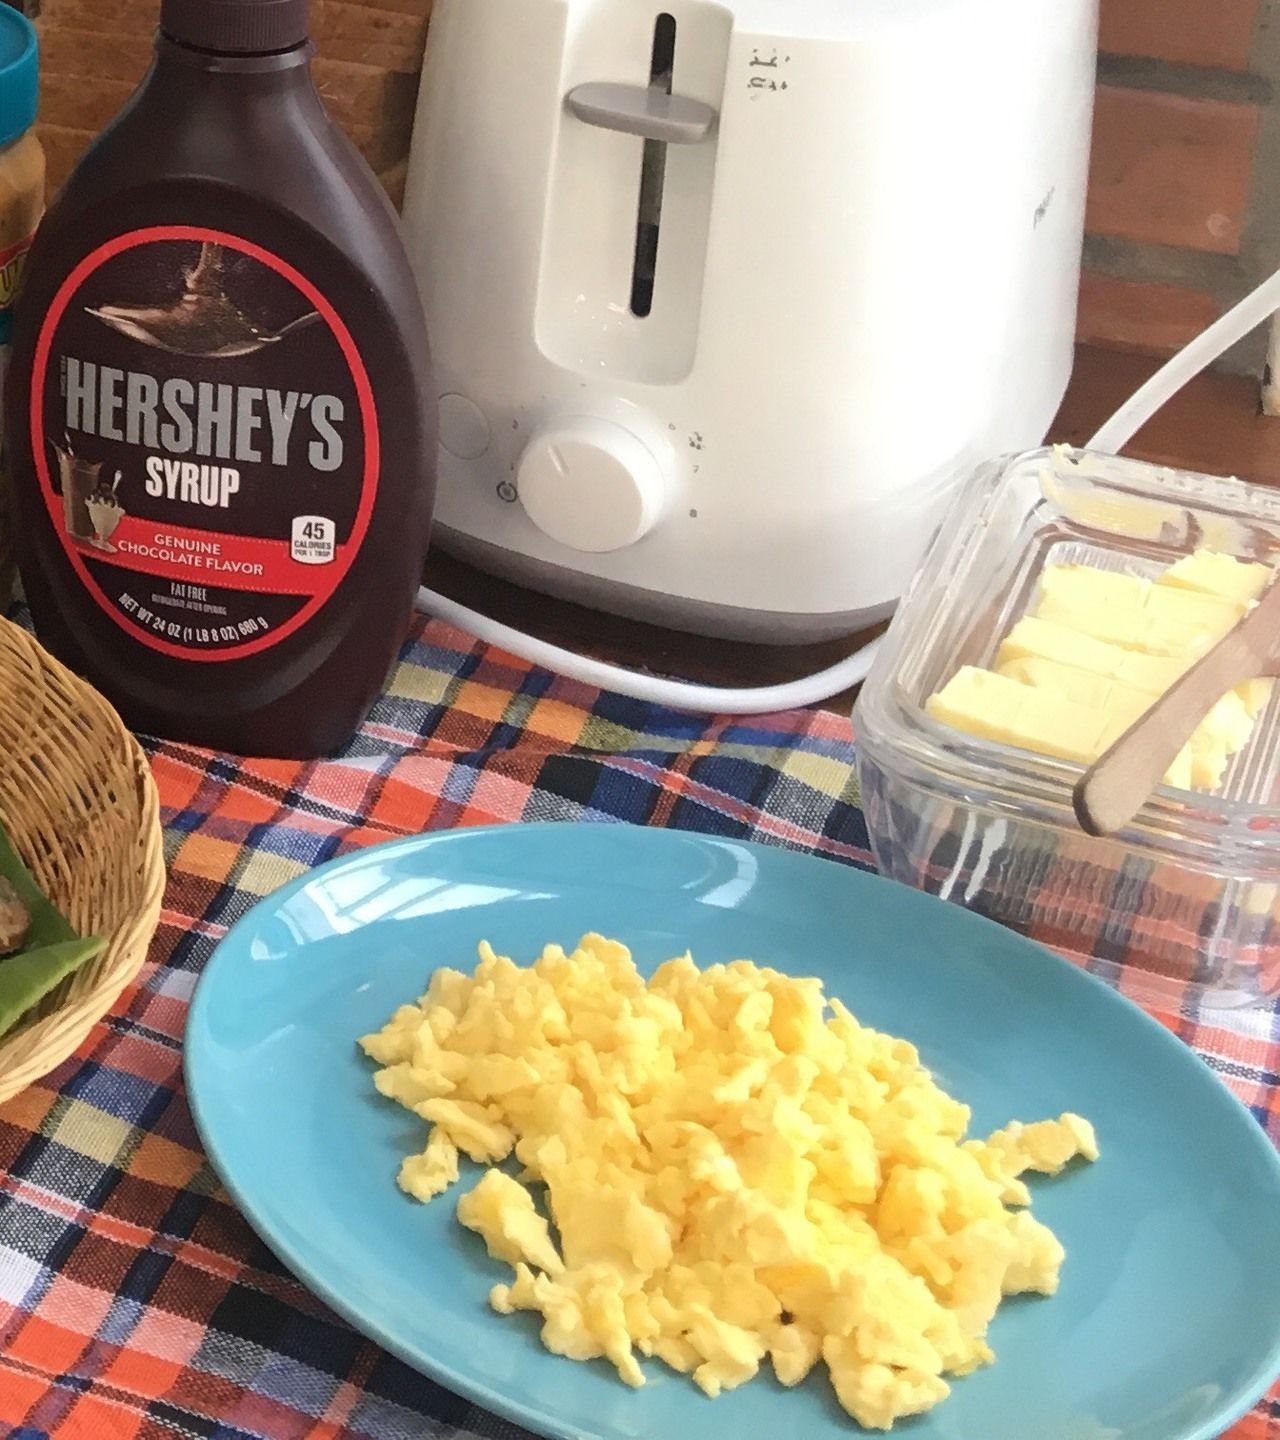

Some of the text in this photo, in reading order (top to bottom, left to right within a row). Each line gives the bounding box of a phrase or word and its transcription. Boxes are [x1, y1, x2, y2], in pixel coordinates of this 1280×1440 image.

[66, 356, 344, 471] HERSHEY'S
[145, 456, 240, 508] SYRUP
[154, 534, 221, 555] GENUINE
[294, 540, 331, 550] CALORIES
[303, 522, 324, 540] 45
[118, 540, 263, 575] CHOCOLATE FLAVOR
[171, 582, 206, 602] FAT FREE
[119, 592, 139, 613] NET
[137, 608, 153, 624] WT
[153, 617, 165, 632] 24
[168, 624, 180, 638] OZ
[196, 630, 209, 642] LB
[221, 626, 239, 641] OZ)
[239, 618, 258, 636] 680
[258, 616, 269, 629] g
|---|
WORK REQUEST:
Restate the listing above word for word and skip each picture.

ANSWER AREA:
Some of the text in this photo, in reading order (top to bottom, left to right within a row). Each line gives the bounding box of a phrase or word and its transcription. Boxes are [x1, y1, x2, y2], in pixel coordinates of this 1280×1440 image.

[66, 356, 344, 471] HERSHEY'S
[145, 456, 240, 508] SYRUP
[154, 534, 221, 555] GENUINE
[294, 540, 331, 550] CALORIES
[303, 522, 324, 540] 45
[118, 540, 263, 575] CHOCOLATE FLAVOR
[171, 582, 206, 602] FAT FREE
[119, 592, 139, 613] NET
[137, 608, 153, 624] WT
[153, 617, 165, 632] 24
[168, 624, 180, 638] OZ
[196, 630, 209, 642] LB
[221, 626, 239, 641] OZ)
[239, 618, 258, 636] 680
[258, 616, 269, 629] g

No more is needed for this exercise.